# [How to complete this task]
Please repeat the line that has "Some of the words" and all lines after it, exactly as they appear, through the end of the entries.

# [Records for the task]
#####
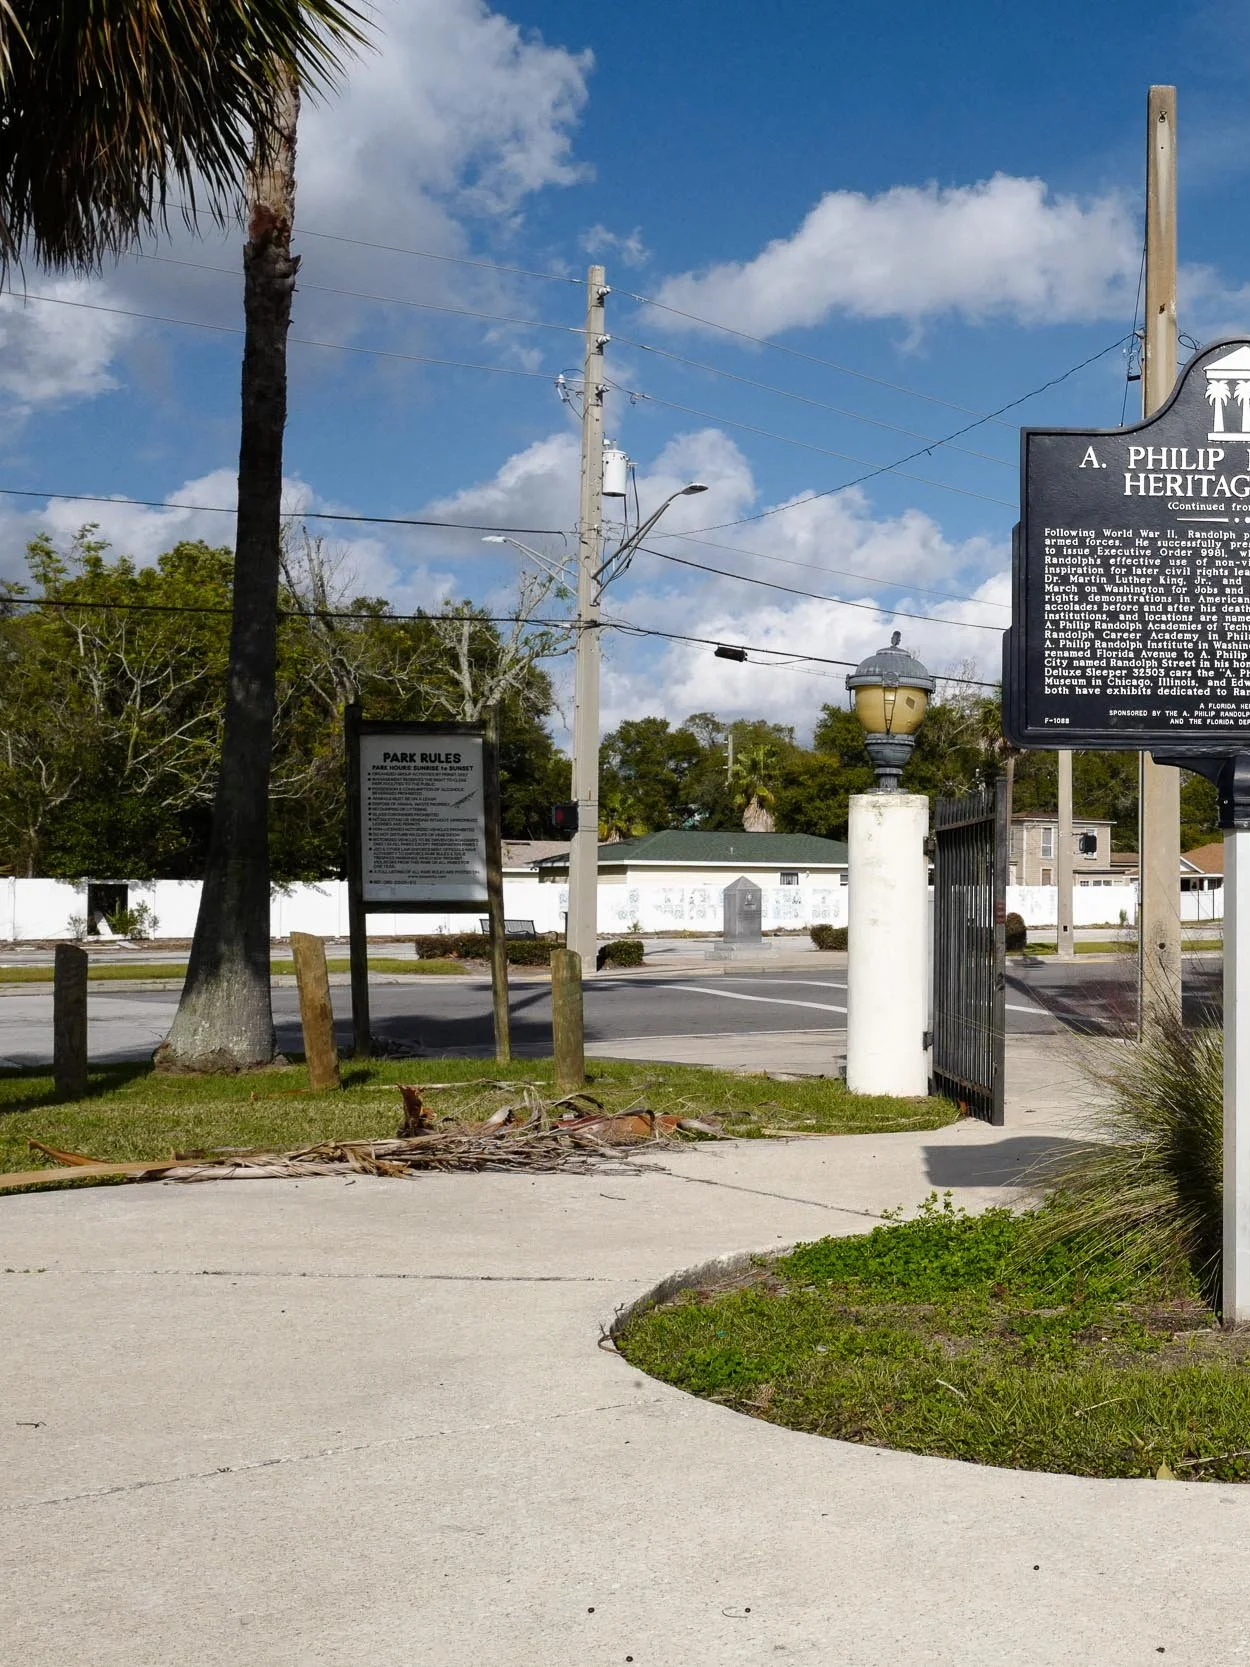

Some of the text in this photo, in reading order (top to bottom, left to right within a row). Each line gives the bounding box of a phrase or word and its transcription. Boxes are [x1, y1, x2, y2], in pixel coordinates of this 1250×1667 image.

[1079, 446, 1106, 469] A.
[1128, 447, 1224, 471] PHILIP
[1168, 502, 1224, 511] (Continued
[1044, 528, 1094, 538] Following
[1188, 530, 1235, 540] Randolph
[1157, 539, 1221, 549] successfully
[1097, 547, 1151, 555] Executive
[1044, 556, 1100, 566] Randolph's
[1109, 557, 1160, 565] effective
[1044, 565, 1104, 576] inspiration
[1196, 568, 1228, 578] rights
[1104, 584, 1164, 595] Washington
[1045, 593, 1078, 603] rights
[1088, 594, 1172, 602] demonstrations
[1044, 602, 1097, 610] accolades
[1102, 602, 1138, 611] before
[1167, 603, 1195, 611] after
[1221, 604, 1250, 612] death
[1118, 612, 1138, 620] and
[1145, 612, 1192, 620] locations
[1060, 620, 1090, 631] Philip
[1094, 621, 1142, 631] Randolph
[1147, 621, 1201, 630] Academies
[1044, 630, 1198, 641] Randolph Career Academy
[1059, 639, 1090, 649] Philip
[1094, 639, 1142, 650] Randolph
[1147, 640, 1193, 648] Institute
[1044, 648, 1090, 657] renamed
[1096, 649, 1134, 657] Florida
[1140, 649, 1176, 657] Avenue
[1216, 650, 1247, 660] Philip
[1044, 657, 1068, 668] City
[1073, 658, 1106, 666] named
[1110, 658, 1157, 668] Randolph
[1161, 658, 1195, 667] Street
[1044, 667, 1081, 675] Deluxe
[1085, 667, 1127, 678] Sleeper
[1132, 668, 1164, 676] 32503
[1044, 676, 1086, 685] Museum
[1044, 686, 1068, 694] both
[1106, 686, 1150, 694] exhibits
[1157, 686, 1210, 695] dedicated
[383, 752, 461, 763] PARK RULES
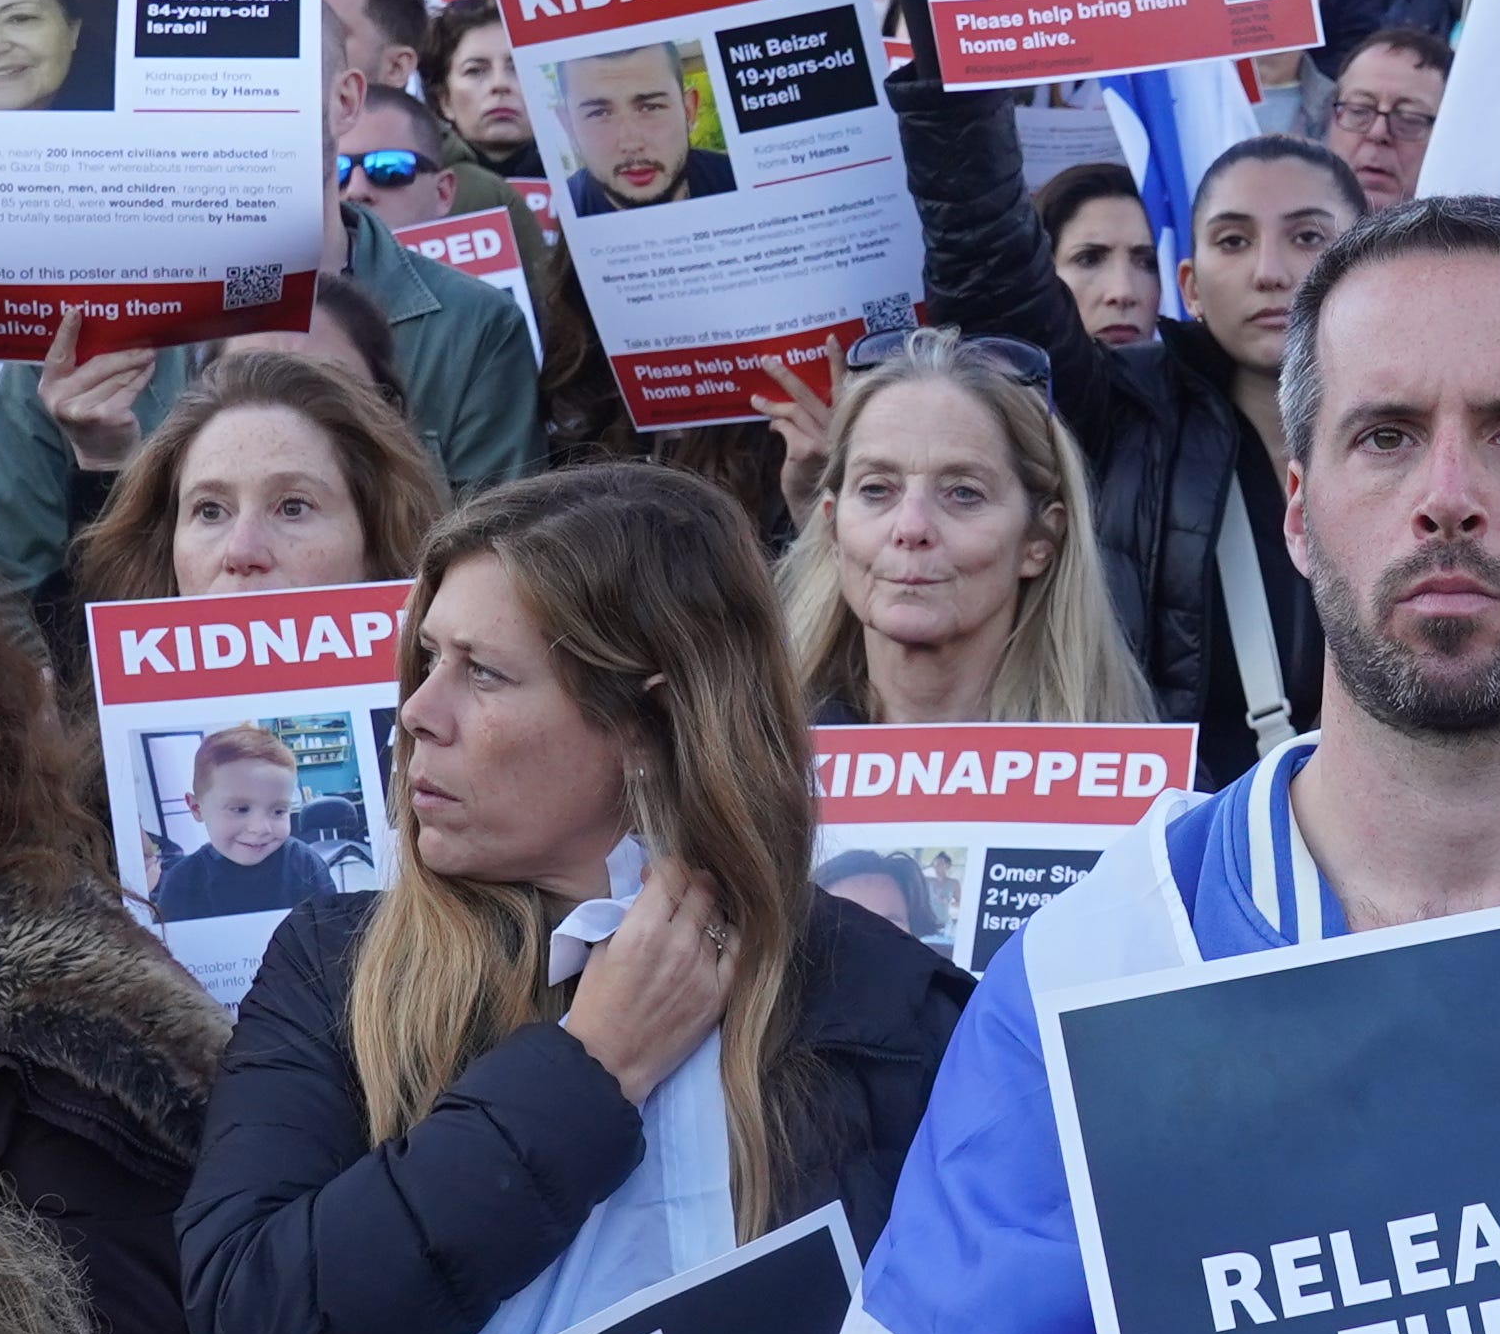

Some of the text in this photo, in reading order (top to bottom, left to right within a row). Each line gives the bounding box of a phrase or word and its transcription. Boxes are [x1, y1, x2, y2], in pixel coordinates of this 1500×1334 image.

[148, 4, 268, 21] 84-years-old
[956, 10, 1024, 31] Please
[1029, 7, 1073, 26] help
[1078, 0, 1131, 20] bring
[147, 20, 207, 35] Israeli
[728, 30, 827, 65] Nik Beizer
[960, 31, 1075, 54] home alive.
[735, 48, 855, 89] 19-years-old
[211, 86, 280, 99] by Hamas
[740, 85, 802, 112] Israeli
[4, 299, 53, 318] help
[126, 298, 182, 315] them
[118, 608, 400, 675] KIDNAP
[989, 863, 1045, 883] Omer
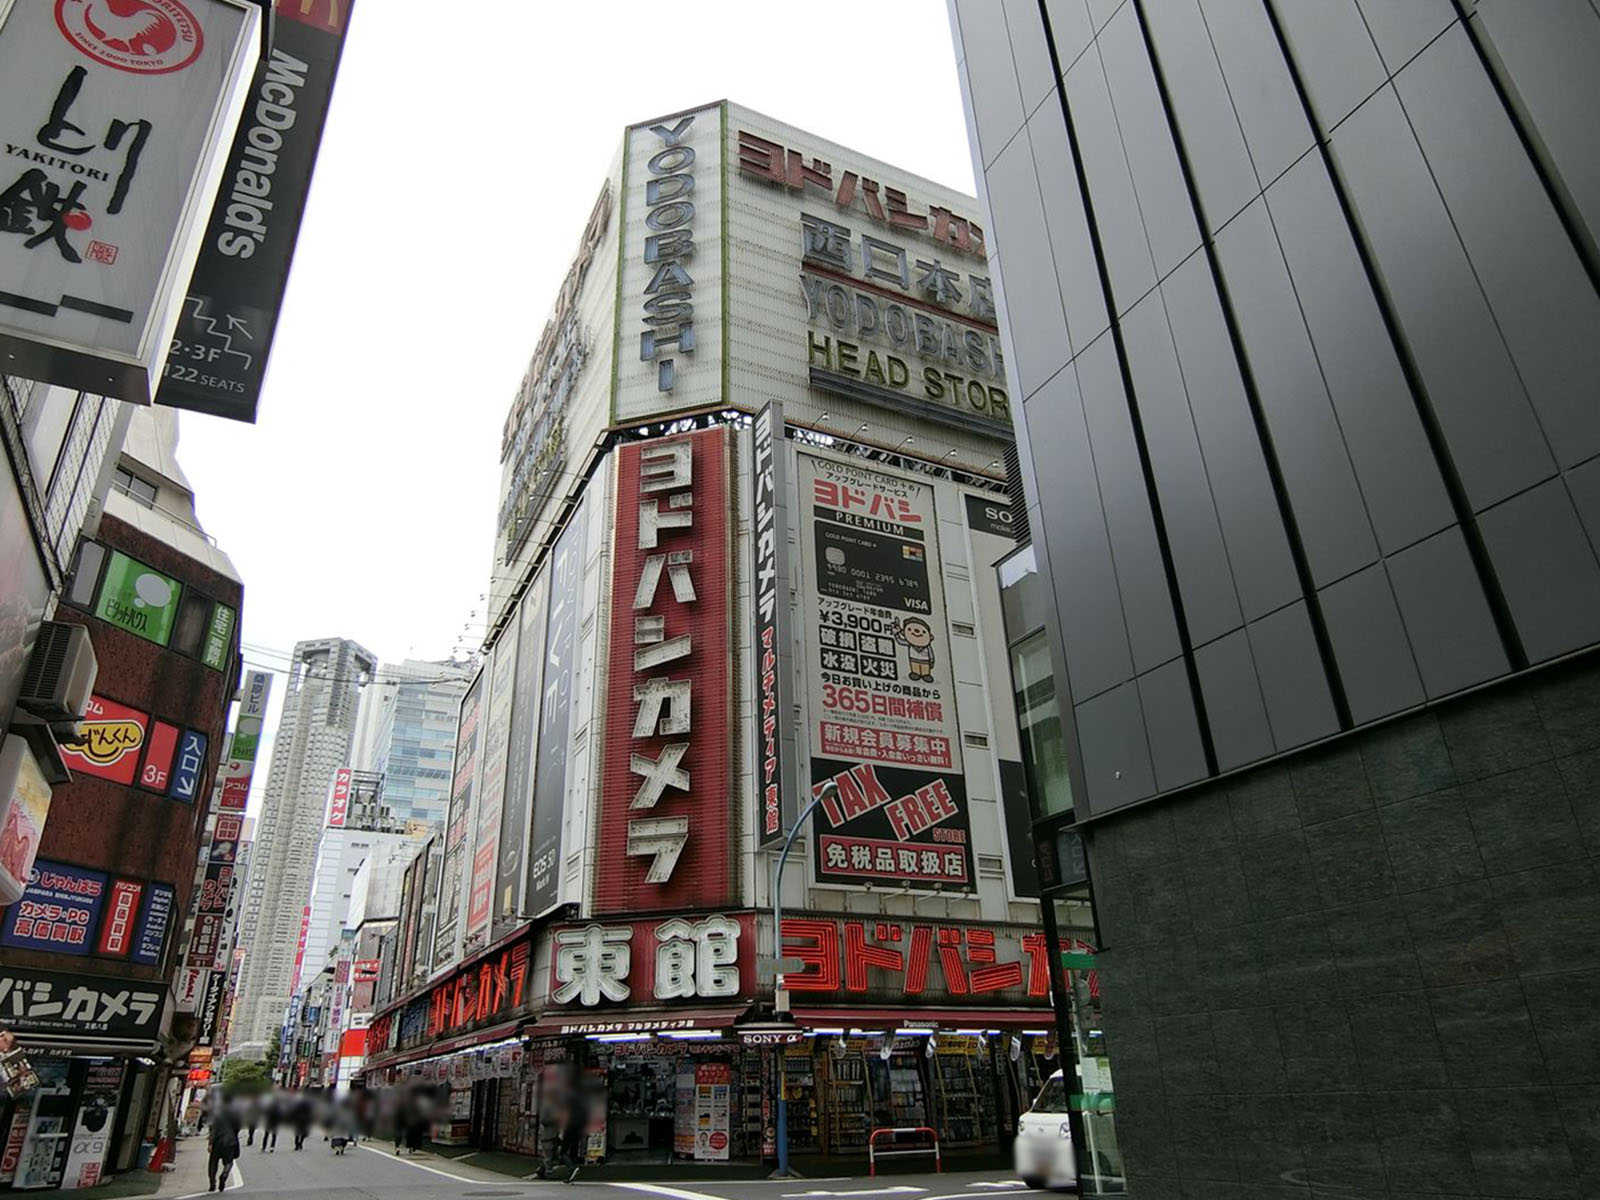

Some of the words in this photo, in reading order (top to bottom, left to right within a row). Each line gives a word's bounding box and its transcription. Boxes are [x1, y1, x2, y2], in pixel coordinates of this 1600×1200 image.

[6, 143, 109, 182] YAKITORI
[217, 48, 310, 260] McDonald's
[641, 115, 697, 393] YODOBASHI
[807, 331, 910, 389] HEAD
[199, 374, 246, 393] SEATS
[817, 459, 845, 476] GOLD
[845, 466, 873, 482] POINT
[874, 474, 899, 488] CARD
[826, 472, 909, 498] アップグレードサービス
[755, 408, 775, 624] ヨドバシカメラ
[814, 478, 922, 523] ヨドバシ
[836, 511, 905, 536] PREMIUM
[818, 597, 893, 619] アップグレード年会費
[903, 597, 929, 611] VISA
[627, 440, 698, 885] ヨドバシカメラ
[862, 658, 896, 678] 火災
[821, 671, 941, 700] 今日お買い上げの商品から
[762, 625, 777, 784] マルチメディア
[822, 684, 944, 723] 365日間補償
[181, 736, 202, 773] 入口
[824, 723, 946, 755] 新規会員募集中
[143, 764, 167, 784] 3F
[331, 773, 351, 821] カラオケ
[812, 762, 892, 829] TAX
[884, 778, 960, 842] FREE
[932, 828, 967, 844] STORE
[825, 843, 964, 877] 免税品取扱店
[40, 872, 102, 896] じゃんぱら
[551, 913, 742, 1007] 東館
[561, 1022, 624, 1034] ヨドバシカメラ
[743, 1034, 781, 1044] SONY
[903, 1019, 939, 1029] Panasonic
#####
# [Reply to the exercise]
Some of the words in this photo, in reading order (top to bottom, left to right within a row). Each line gives a word's bounding box and its transcription. Boxes are [x1, y1, x2, y2], in pixel coordinates of this 1600×1200 image.

[6, 143, 109, 182] YAKITORI
[217, 48, 310, 260] McDonald's
[641, 115, 697, 393] YODOBASHI
[807, 331, 910, 389] HEAD
[199, 374, 246, 393] SEATS
[817, 459, 845, 476] GOLD
[845, 466, 873, 482] POINT
[874, 474, 899, 488] CARD
[826, 472, 909, 498] アップグレードサービス
[755, 408, 775, 624] ヨドバシカメラ
[814, 478, 922, 523] ヨドバシ
[836, 511, 905, 536] PREMIUM
[818, 597, 893, 619] アップグレード年会費
[903, 597, 929, 611] VISA
[627, 440, 698, 885] ヨドバシカメラ
[862, 658, 896, 678] 火災
[821, 671, 941, 700] 今日お買い上げの商品から
[762, 625, 777, 784] マルチメディア
[822, 684, 944, 723] 365日間補償
[181, 736, 202, 773] 入口
[824, 723, 946, 755] 新規会員募集中
[143, 764, 167, 784] 3F
[331, 773, 351, 821] カラオケ
[812, 762, 892, 829] TAX
[884, 778, 960, 842] FREE
[932, 828, 967, 844] STORE
[825, 843, 964, 877] 免税品取扱店
[40, 872, 102, 896] じゃんぱら
[551, 913, 742, 1007] 東館
[561, 1022, 624, 1034] ヨドバシカメラ
[743, 1034, 781, 1044] SONY
[903, 1019, 939, 1029] Panasonic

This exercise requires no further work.